Worldwide Research and Development, Pfizer Inc., Groton, CT 06340, USA.
Worldwide Research and Development, Pfizer Inc., Groton, CT 06340, USA.
Int J Pharm. 2021 Jun 1;602:120620. doi: 10.1016/j.ijpharm.2021.120620. Epub 2021 Apr 20.
Near Infrared (NIR) spectroscopy is commonly utilized for continuous manufacturing as Process Analytical Technology (PAT) tool. This paper focus on a continuous direct compression manufacturing process, in which an NIR PAT probe is integrated into the tablet press feed frame and into the tablet diversion control system to ensure continuous monitoring of the potency and homogeneity of the blend within the process line. The quantification of NIR spectra is achieved through Partial Least-Squares (PLS) modeling, calibrated with offline analyzed tablet cores at different potency levels. Because the NIR measurements are often sensitive to sample physical properties caused by raw materials or process conditions, etc., adopting a data-driven approach will require a large amount of representative data throughout the method lifecycle. During the early stages of process development, whenever new uncaptured source of variability in the model space are encountered, the chemometric predictions can deviate from the offline reference, requiring frequent model updates. These deviations can be reduced by integrating process and physico-chemical knowledge in the on-line potency estimation. This paper presents a novel hybrid method combining the online NIR PLS and a potency soft sensor estimation, enabling a robust potency prediction whilst minimizing maintenance downtimes and facilitating cross-site method transfer.

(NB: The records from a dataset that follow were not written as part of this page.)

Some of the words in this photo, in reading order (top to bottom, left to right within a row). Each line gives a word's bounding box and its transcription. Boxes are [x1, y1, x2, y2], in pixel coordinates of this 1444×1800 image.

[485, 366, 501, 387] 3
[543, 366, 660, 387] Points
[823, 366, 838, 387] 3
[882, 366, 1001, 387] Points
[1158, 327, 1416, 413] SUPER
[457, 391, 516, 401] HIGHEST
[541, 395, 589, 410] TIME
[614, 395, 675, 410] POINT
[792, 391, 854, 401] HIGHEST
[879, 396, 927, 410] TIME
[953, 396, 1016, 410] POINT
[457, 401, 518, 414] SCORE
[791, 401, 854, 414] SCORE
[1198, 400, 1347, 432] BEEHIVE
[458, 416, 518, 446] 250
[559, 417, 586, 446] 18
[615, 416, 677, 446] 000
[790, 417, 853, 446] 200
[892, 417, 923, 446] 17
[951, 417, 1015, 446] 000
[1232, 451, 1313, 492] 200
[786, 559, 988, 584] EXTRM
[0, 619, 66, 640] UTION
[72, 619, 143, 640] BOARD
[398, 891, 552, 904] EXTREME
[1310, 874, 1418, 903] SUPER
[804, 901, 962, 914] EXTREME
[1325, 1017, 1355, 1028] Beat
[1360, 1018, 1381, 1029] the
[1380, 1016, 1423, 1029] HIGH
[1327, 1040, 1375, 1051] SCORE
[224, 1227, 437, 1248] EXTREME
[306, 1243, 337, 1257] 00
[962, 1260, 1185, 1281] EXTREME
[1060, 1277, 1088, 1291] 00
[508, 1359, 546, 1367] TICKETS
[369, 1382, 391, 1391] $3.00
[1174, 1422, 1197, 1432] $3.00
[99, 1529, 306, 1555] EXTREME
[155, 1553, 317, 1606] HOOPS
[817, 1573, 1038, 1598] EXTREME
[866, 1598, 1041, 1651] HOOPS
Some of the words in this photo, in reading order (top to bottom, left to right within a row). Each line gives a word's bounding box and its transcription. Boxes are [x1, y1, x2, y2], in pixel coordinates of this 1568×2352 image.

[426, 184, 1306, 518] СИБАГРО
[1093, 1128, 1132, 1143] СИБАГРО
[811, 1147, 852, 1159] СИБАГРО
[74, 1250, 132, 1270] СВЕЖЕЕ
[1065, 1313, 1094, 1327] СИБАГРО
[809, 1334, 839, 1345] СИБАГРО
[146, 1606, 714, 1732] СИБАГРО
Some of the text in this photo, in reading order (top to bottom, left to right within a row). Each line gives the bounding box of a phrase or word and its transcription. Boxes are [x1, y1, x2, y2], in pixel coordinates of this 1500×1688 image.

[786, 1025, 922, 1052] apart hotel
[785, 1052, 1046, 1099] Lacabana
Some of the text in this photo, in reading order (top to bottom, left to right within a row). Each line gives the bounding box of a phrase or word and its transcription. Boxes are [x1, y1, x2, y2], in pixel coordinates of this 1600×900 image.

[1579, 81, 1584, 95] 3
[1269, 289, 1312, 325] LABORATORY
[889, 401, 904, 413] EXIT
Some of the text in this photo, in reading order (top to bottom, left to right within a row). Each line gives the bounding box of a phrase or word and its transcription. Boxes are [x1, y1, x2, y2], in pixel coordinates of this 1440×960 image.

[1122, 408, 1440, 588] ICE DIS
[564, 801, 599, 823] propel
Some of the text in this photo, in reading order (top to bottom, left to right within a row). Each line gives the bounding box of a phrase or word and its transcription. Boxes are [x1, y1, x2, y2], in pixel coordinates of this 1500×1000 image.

近红外(NIR)光谱分析通常被用作连续制造的过程分析技术(PAT)工具。本文主要介绍一种连续直接压缩制造工艺,其中将 NIR PAT 探头集成到压片机进料框架和片剂分流控制系统中,以确保在整个工艺线上连续监测混合物的效力和均一性。通过偏最小二乘法(PLS)建模对 NIR 光谱进行定量,该模型使用不同效力水平的离线分析片剂芯进行校准。由于 NIR 测量通常对原材料或工艺条件等引起的样品物理性质敏感,因此采用数据驱动方法将需要在整个方法生命周期中获得大量具有代表性的数据。在工艺开发的早期阶段,每当在模型空间中遇到新的不可捕获的变化源时,化学计量预测就会偏离离线参考值,需要频繁更新模型。通过将过程和物理化学知识集成到在线效力估计中,可以减少这些偏差。本文提出了一种新颖的混合方法,将在线 NIR PLS 和效力软传感器估计相结合,在最小化维护停机时间和促进跨站点方法转移的同时,实现了强大的效力预测。